Robots.txt Error
Been a while since I’ve had time to post anything. I do have some interesting observations regarding my move from www.belchfire.net to themes.belchfire.net as it relates to search engine listings. But that’s not what I want to talk about just now.
Everything was going swimmingly until last month. Then for some inexplicable reason, all search engines but Google and the new beta MSN search dropped all my pages but one. At first I thought it was due to removing the mod_rewrite redirect rules I had originally put in place when I changed URLs (since that time I’ve removed them and now run both sites in tandem). Turns out I had an error in my robots.txt file on both sites that basically told all search times to not index anything. Badness…
Fixed the error and re-submitted to the major search engines and looks like they’re indexing pages again now. Whew. I was getting worried. Only being indexed by one search engine, even if Google, leaves one at risk of losing considerable traffic if anything changes with their systems or algorythms. So take note, check your logs (grep by User-Agent) and ensure your robots.txt file, if you have/use one, is formatted correctly. Read the Web Robots Pages for proper rule formatting. There is also a Robots.txt Validator at http://www.sxw.org.uk/computing/robots/check.html I recommend for error checking.
On a side not, you don’t need a robots.txt file. Generally you would want one for exclusions, defining pages or directories in your site you do not wish search engine spiders to index. And an interesting observation is that Google and the new beta MSN search would seem to ignore the robots.txt file, or at least may ignore it if if finds formatting errors. A robots.txt file is a plain-text file you put in the root of your web folder (world-readable - usually chmod 644) and contains rules such as:
User-agent: * Disallow: admin.php Disallow: /admin/ Disallow: /private/ User-agent: [Ww]eb[Bb]andit Disallow: / User-agent: Alexibot Disallow: /
User-agent: * means ‘all user-agents’. Disallow indicates that the User-agent specified above is not to index, in this example, any file named admin.php and the entire directories /admin/ and /private/. The other two User-agent rules define specific User-agents and that they should not index any files (Disallow: /). Repeat as desired. The format of your robots.txt file should adhear to at least the 1994 Standard for Robots Exclusion. Note that the field name (User-agent and Disallow, are case-sensitive, but the value field is not - So it is valid to enter Googlebot or googlebot, but the case-insensitive googlebot is recommended - I use case-sensitive value fields by choice - old Un*x habit hard to break). Oh, note that no User-agent is required to read and honour anything in a robots.txt file. In fact many don’t. And since a User-agent can easily be spoofed, even disallowing specific User-agents may be ineffective. But its generally a good thing to have. Here’s my robots.txt file for themes.belchfire.net and the ‘bad’ User-agents I block:
http://themes.belchfire.net/oldrobots/robots.txt
Per my most recent post, do not use this robots.txt file on your site!

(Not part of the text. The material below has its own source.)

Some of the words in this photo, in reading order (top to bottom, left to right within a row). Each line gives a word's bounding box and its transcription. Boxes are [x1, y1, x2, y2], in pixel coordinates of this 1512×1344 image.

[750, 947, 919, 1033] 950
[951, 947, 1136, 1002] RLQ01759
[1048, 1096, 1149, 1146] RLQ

A User-agent is what any browser, spider or script identifies itself as and that gets passed along with the http request to the web server, which then records that in the web logs. There are ‘good’ User-agents, such as Mozilla, Gecko, Opera and search engines such as Yahoo Slurp and Googlebot, and there are bad User-agents such as email harvesters and site rippers. It is those known bad User-agents I list in my robots.txt file and instruct (perhaps in futility) to not index my sites. For User-agents that spoof, you have to take other measures, assuming you can even identify them, such as by blocking the referring URL or IP.

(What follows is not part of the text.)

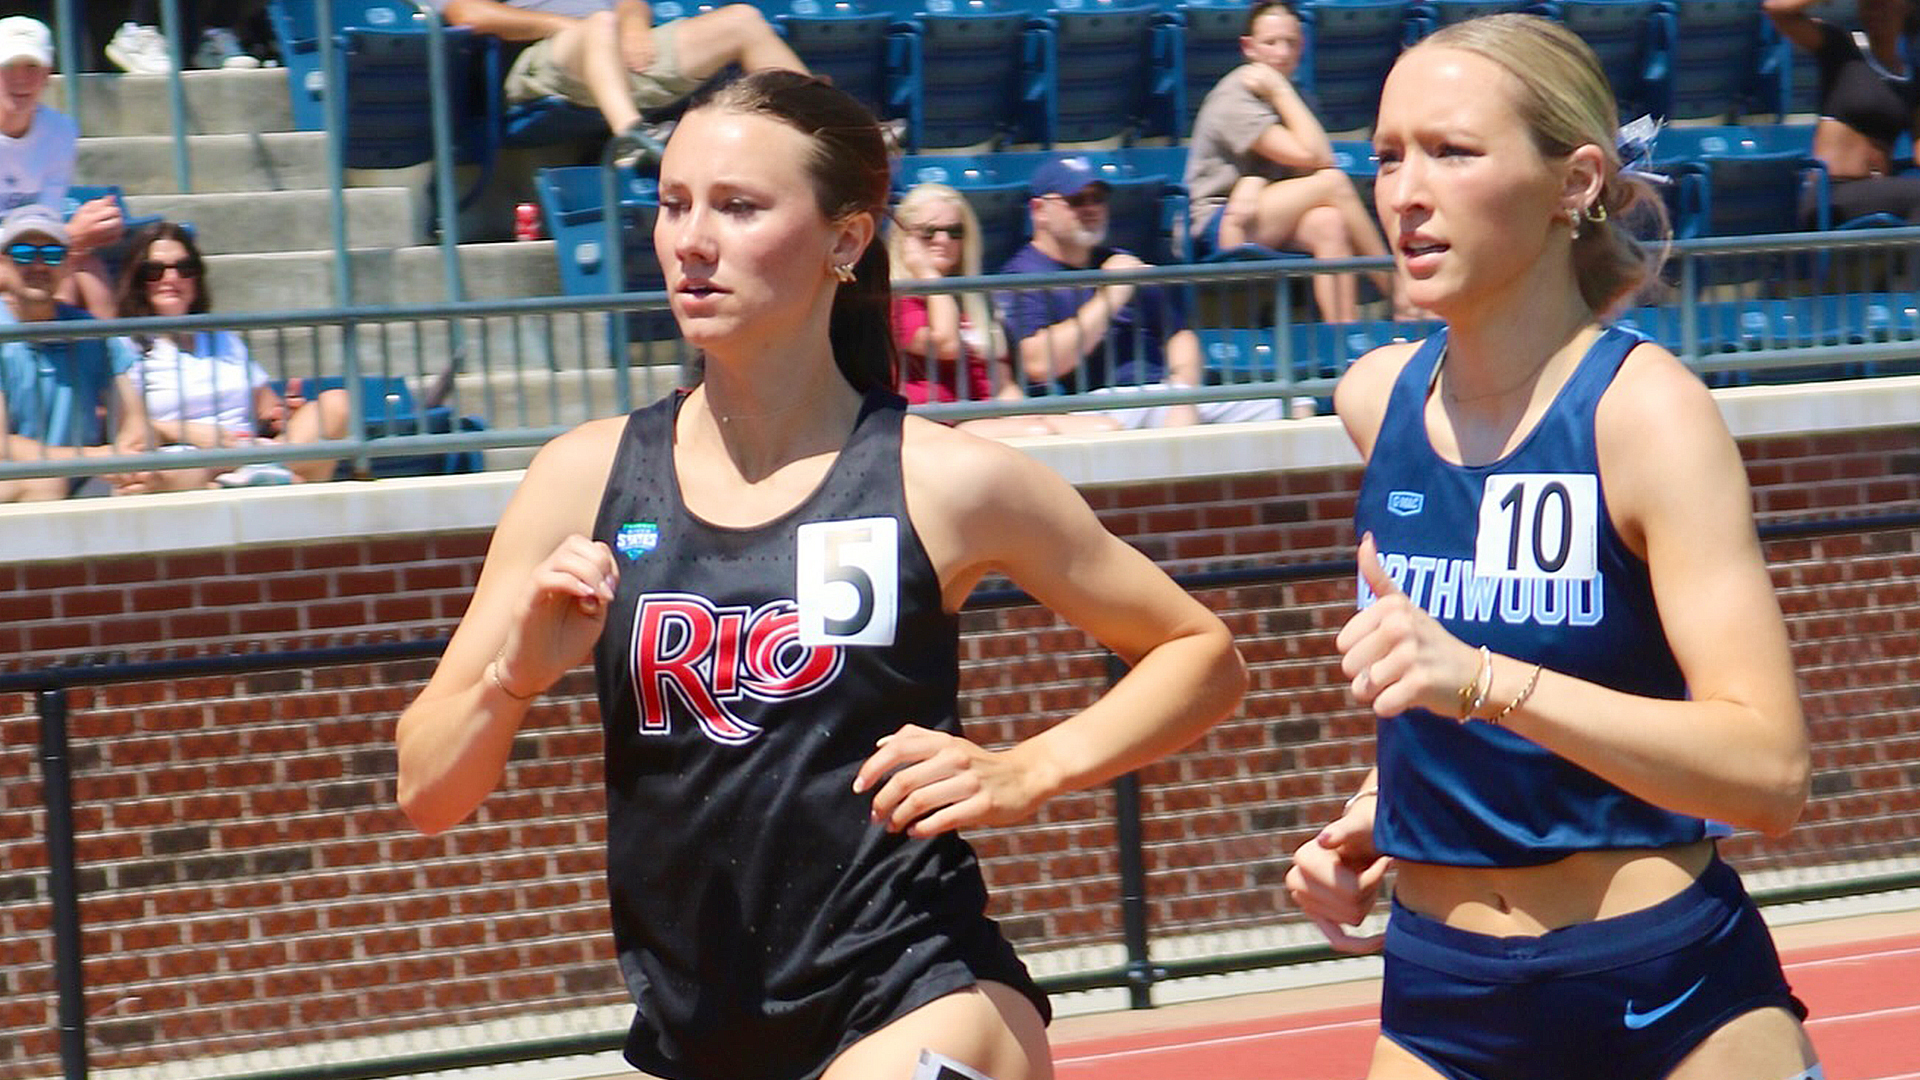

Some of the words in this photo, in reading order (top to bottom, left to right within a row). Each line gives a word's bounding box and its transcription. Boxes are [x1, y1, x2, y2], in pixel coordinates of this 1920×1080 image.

[1500, 481, 1572, 573] 10
[824, 527, 875, 637] 5
[1357, 552, 1604, 626] RTHWOOD

Oh, that brings me to the potential mis-uses of robots.txt in that, if you enter files or folders you don’t want indexed and a ‘bad’ User-agent reads your robots.txt file, it could simply ignore your Disallow fields and go ahead and index the very files and folders you explicitely wish to disallow. So for anything you don’t want indexed, it’s probably a good idea to password protect those areas of your web site, just in case!